Re: Looking for a better in circuit ESR meter


Chuck Harris
 

Reg,

The "o)" symbol is a BNC connector. The ")" represents the grounded
shield on the BNC connector, the "o" represents the center pin.

One "o)" connector connects to the function generator, and the other
"o)" connector connects to the input on the oscilloscope.

The "@" signs are simply bends in the schematic wire, or nodes when the
wires cross or "T".

The 10K resistor, when fed with a 10Vpp 100KHz signal limits the current
to 1ma P-P.

The capacitor under test is connected where the two "=>" probes are on
the right side of the screen.

Ohms law is: V = I * R, and works equally well for AC, and impedance.
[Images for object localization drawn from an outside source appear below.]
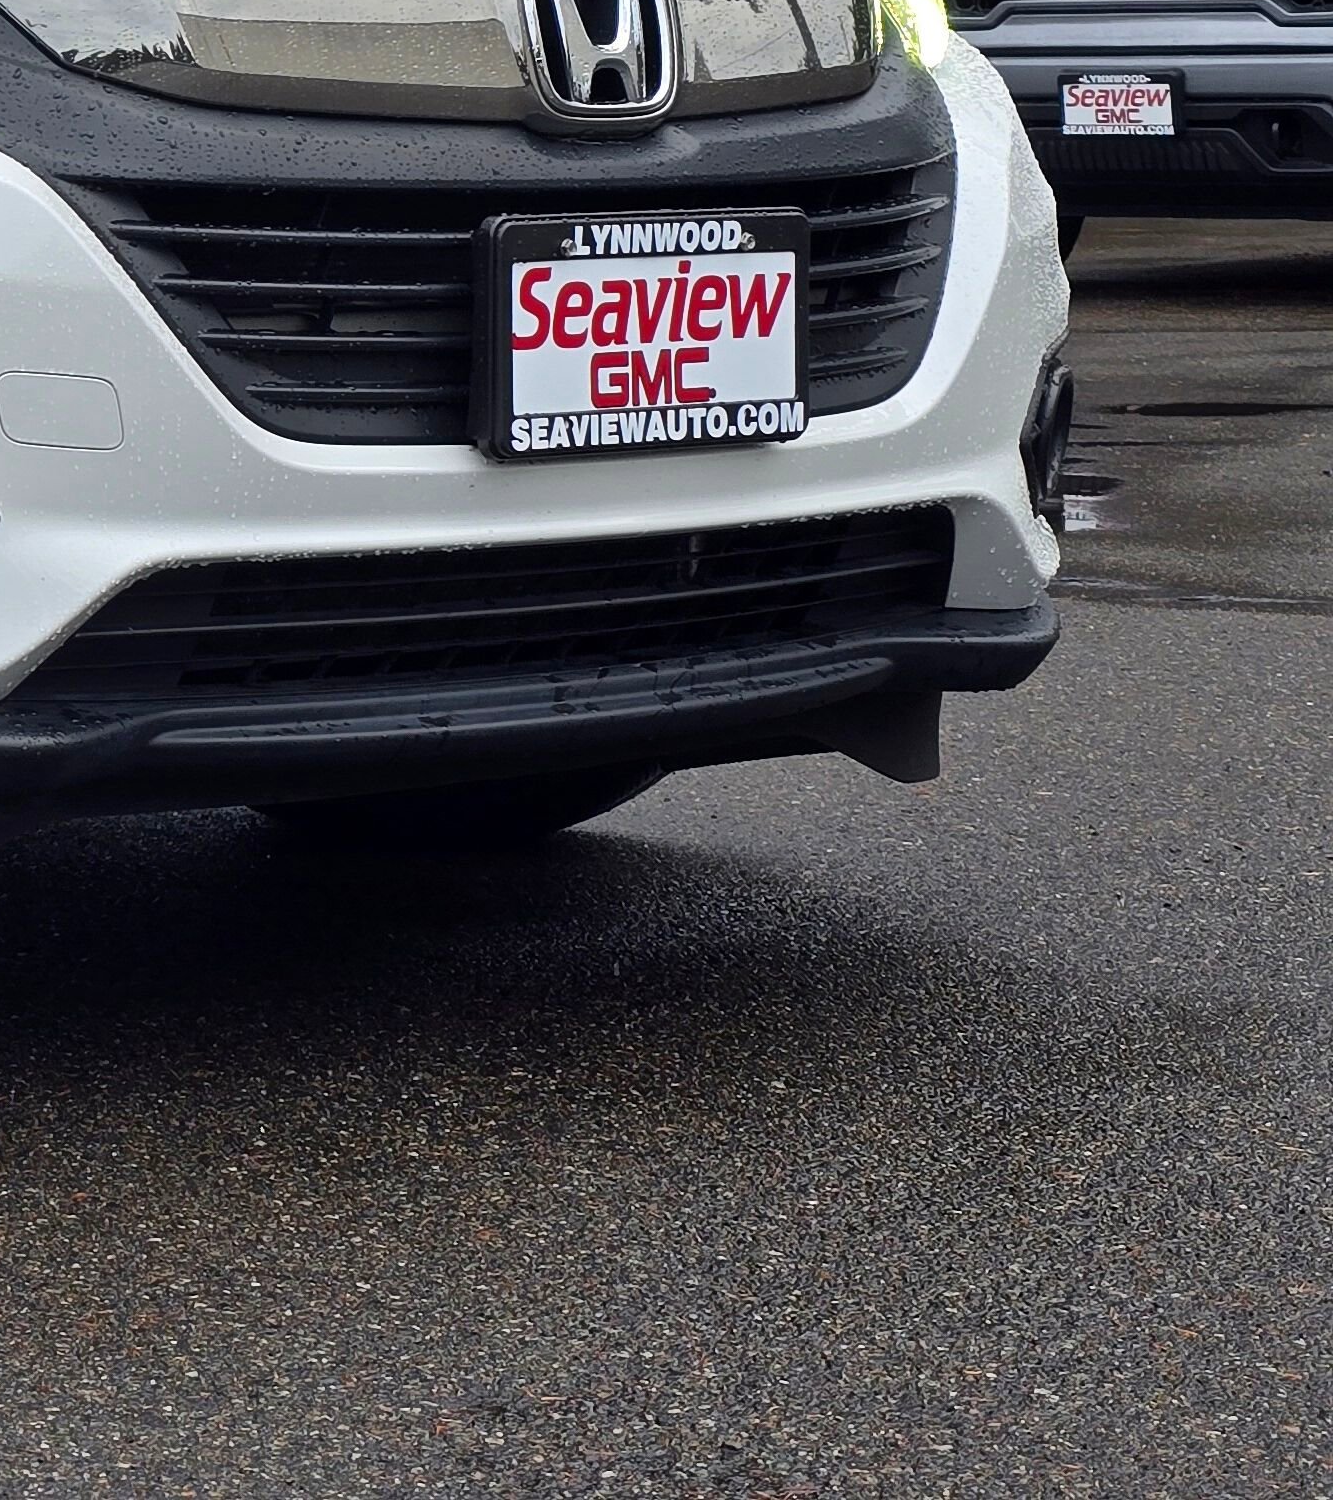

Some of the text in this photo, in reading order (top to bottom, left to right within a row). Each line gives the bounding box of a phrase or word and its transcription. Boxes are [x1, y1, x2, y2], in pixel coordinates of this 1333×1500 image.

[1066, 84, 1170, 107] Seaview
[1062, 124, 1175, 135] SEAVIEWAUTO.COM
[1095, 108, 1143, 124] GMC
[573, 220, 742, 256] LYNNWOOD
[512, 260, 791, 351] Seaview
[590, 346, 712, 409] GMC
[511, 401, 804, 452] SEAVIEWAUTO.COM
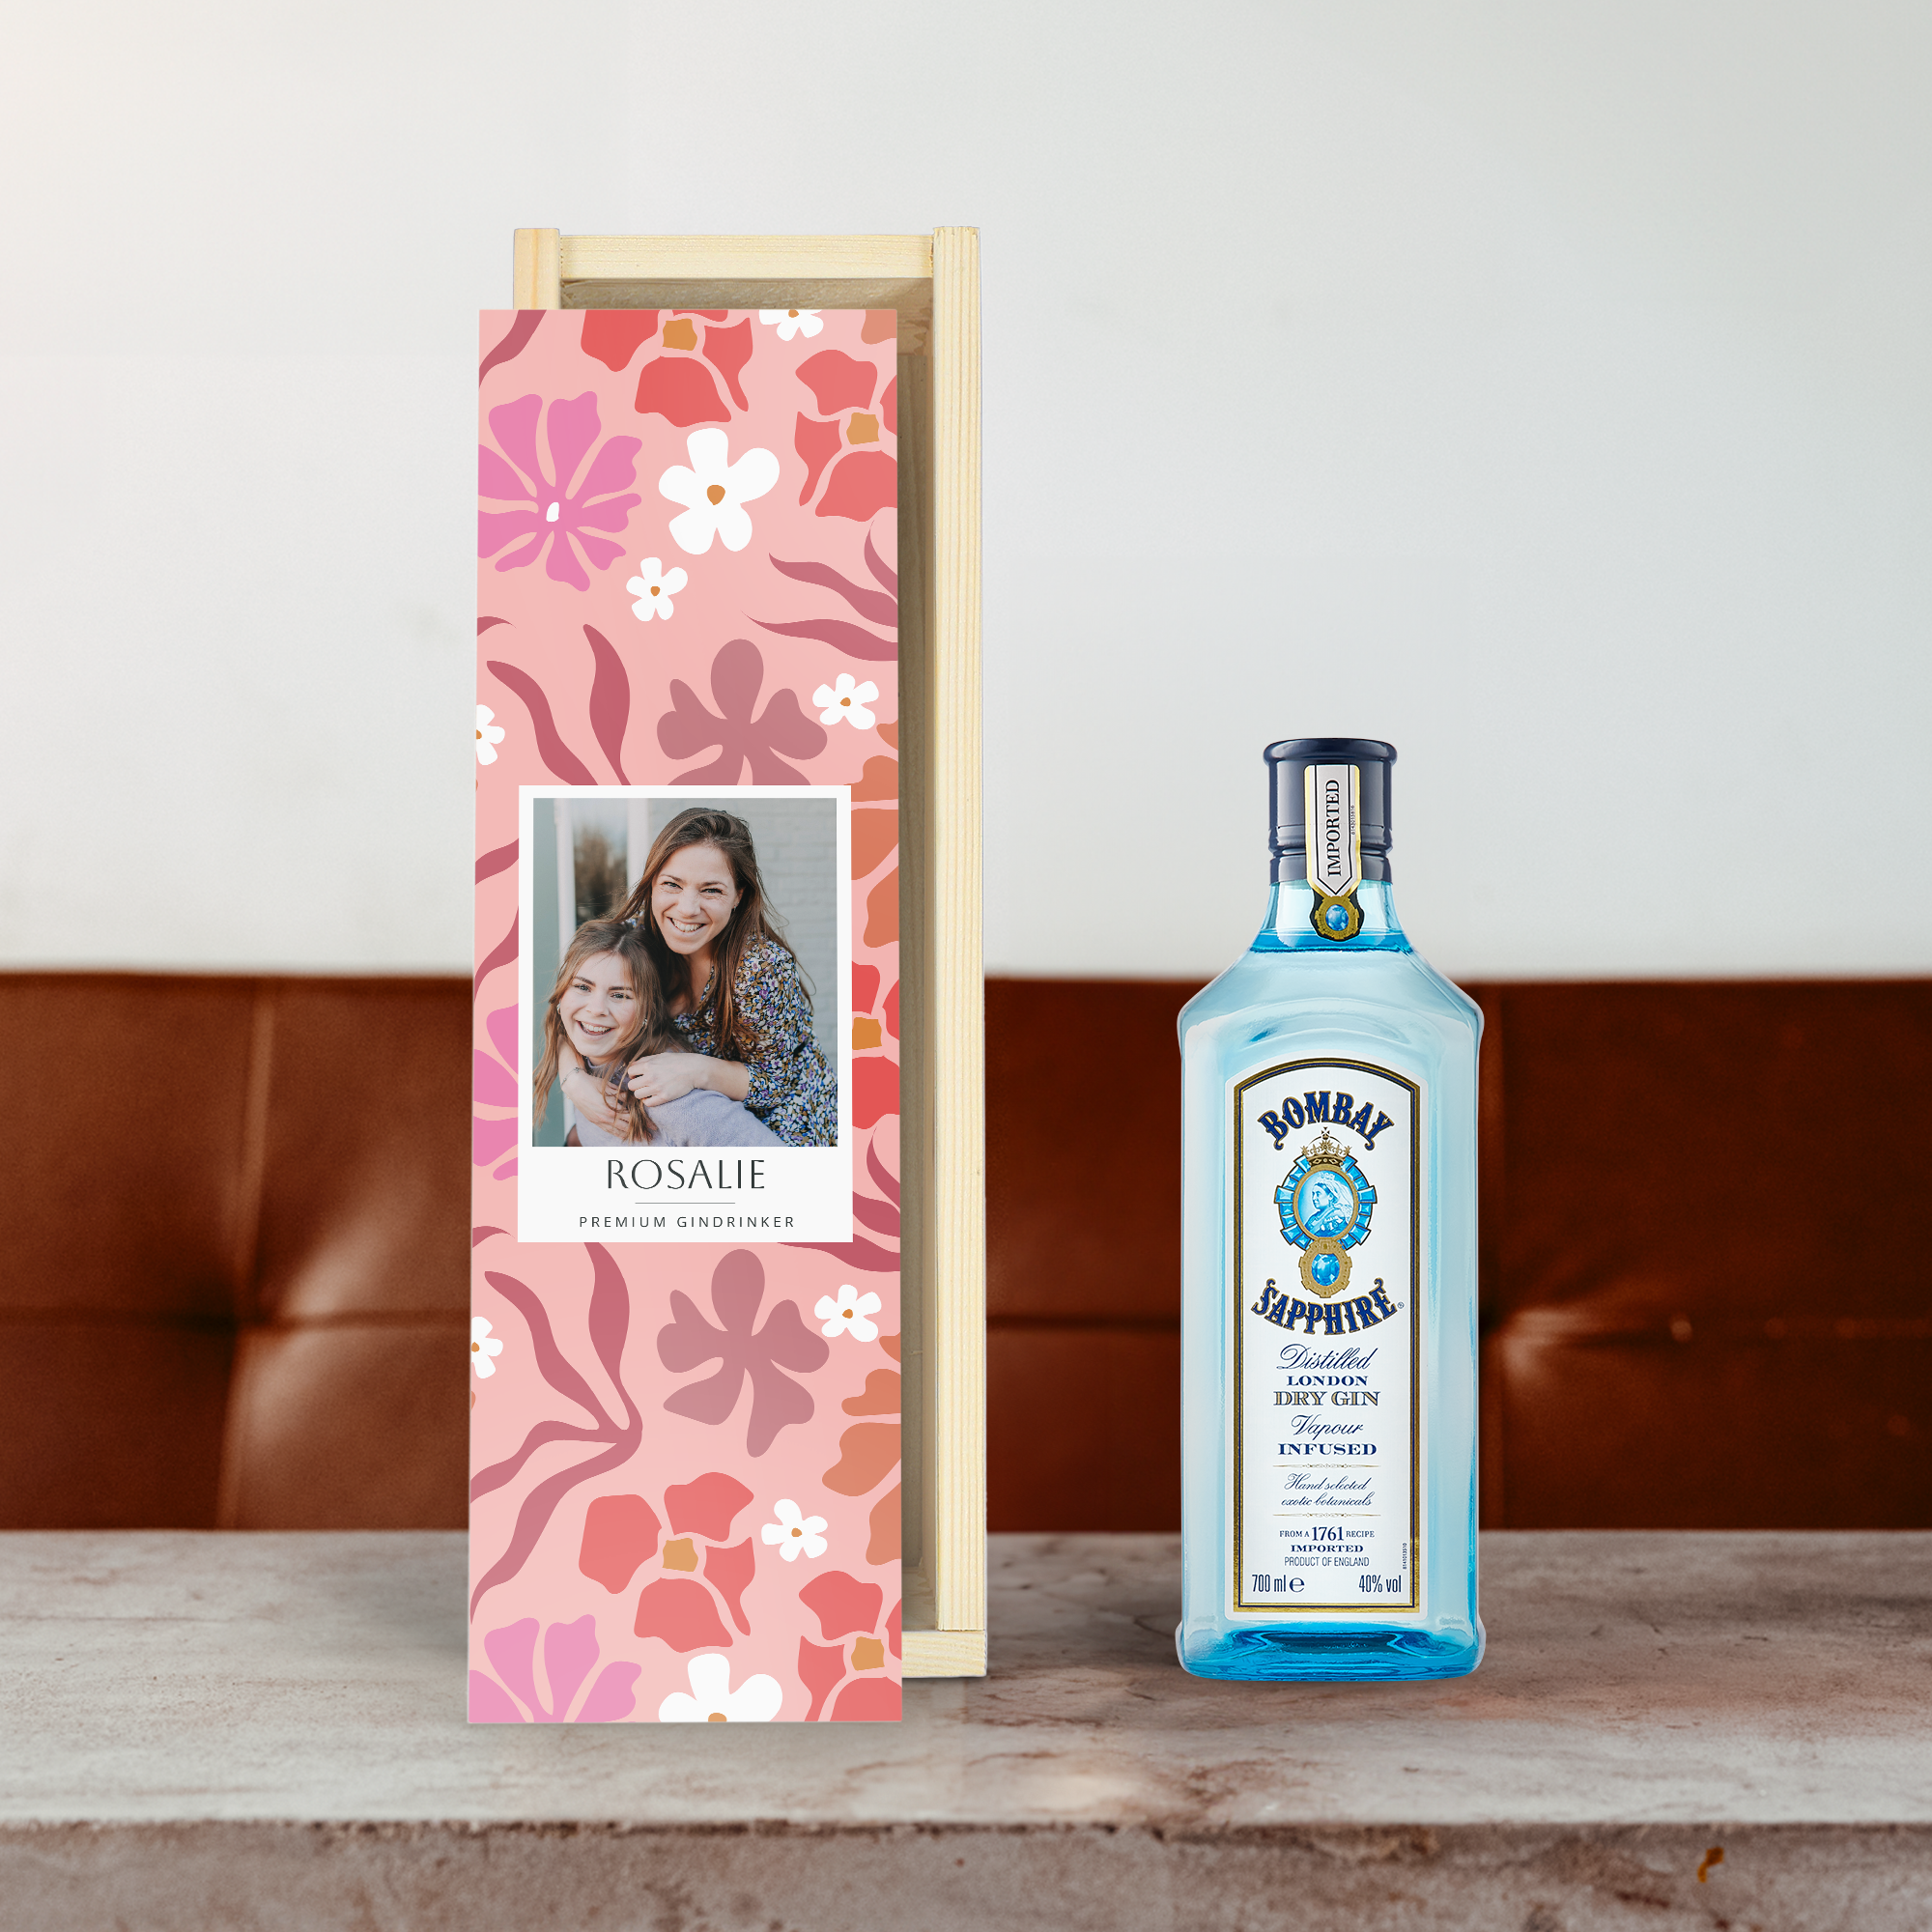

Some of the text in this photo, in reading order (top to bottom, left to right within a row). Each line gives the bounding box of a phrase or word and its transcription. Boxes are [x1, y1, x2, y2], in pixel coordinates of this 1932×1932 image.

[1325, 780, 1342, 877] IMPORTED
[1257, 1091, 1395, 1151] BOMBAY
[608, 1159, 765, 1189] ROSALIE
[580, 1216, 794, 1228] PREMIUM GINDRINKER
[1276, 1344, 1378, 1370] Distilled
[1287, 1376, 1368, 1386] LONDON
[1273, 1391, 1380, 1406] DRY GIN
[1292, 1414, 1363, 1440] Vapour
[1278, 1443, 1377, 1455] INFUSED
[1284, 1473, 1372, 1490] Hand selected
[1281, 1492, 1375, 1506] exotic botanicals
[1312, 1526, 1344, 1541] 1761
[1285, 1556, 1369, 1566] PRODUCT OF ENGLAND
[1252, 1575, 1270, 1592] 700
[1274, 1575, 1286, 1592] ml
[1359, 1575, 1401, 1593] 40% vol
ESR is the series resistance a capacitor presents to the circuit.

Z = Xc + ESR

The idea behind I suppose all ESR meters is that at the frequency of the
measurement, the Xc of the capacitor is low enough that the ESR will
dominate the measurement.

As an example, let's assume that the capacitor we are testing is 1uf.

Xc = 1/(2pi * f * C) , Where f = 100KHz, and C = 1 E -6 Farads.

So, Xc = 1.59 ohms @ 100KHz

V = I * R, where I = 1ma, and R = 1.59 ohm.

So, as to the question of diode conduction, the expected voltage across
the capacitor is 1.59mv. Which is well below the conduction voltage of
the diode clamp.

A 10uf, or a 100uf would be even lower...

ESR + Xc values would have to be higher than 0.5V, or 500 ohms to
cause the diodes to conduct.

The 10K resistor makes your ESR readings come out in K ohms per volt,
so, 50 ohm ESR would be 0.05Vpp, and 5 ohm ESR would be 0.005Vpp...

If that is too far into the weeds, you can easily decrease the 10K
resistor to 1K, or even 100 ohms, to gain some more voltage in your
reading...

-Chuck Harris



Reginald Beardsley via groups.io wrote:

Chuck,

I'm afraid I don't understand the diagram or the explanation. If there is a resistor in parallel with the cap, how much of the resistance is the resistor and how much is the ESR of the cap? You don't appear to address that. It appears to me you assume that there is no resistance in parallel with the cap.

If there is a diode and resistor in parallel with the cap, how are you going to keep the diode from affecting the result with a 10 V input?

It certainly seems to me that it is critical to not to forward bias the diode so that it conducts.

I've got a few dozen caps to check. That is what makes the EDS-88A so attractive. The caps are packed in so tight that lifting one leg is not possible and getting them back in would be a huge ordeal.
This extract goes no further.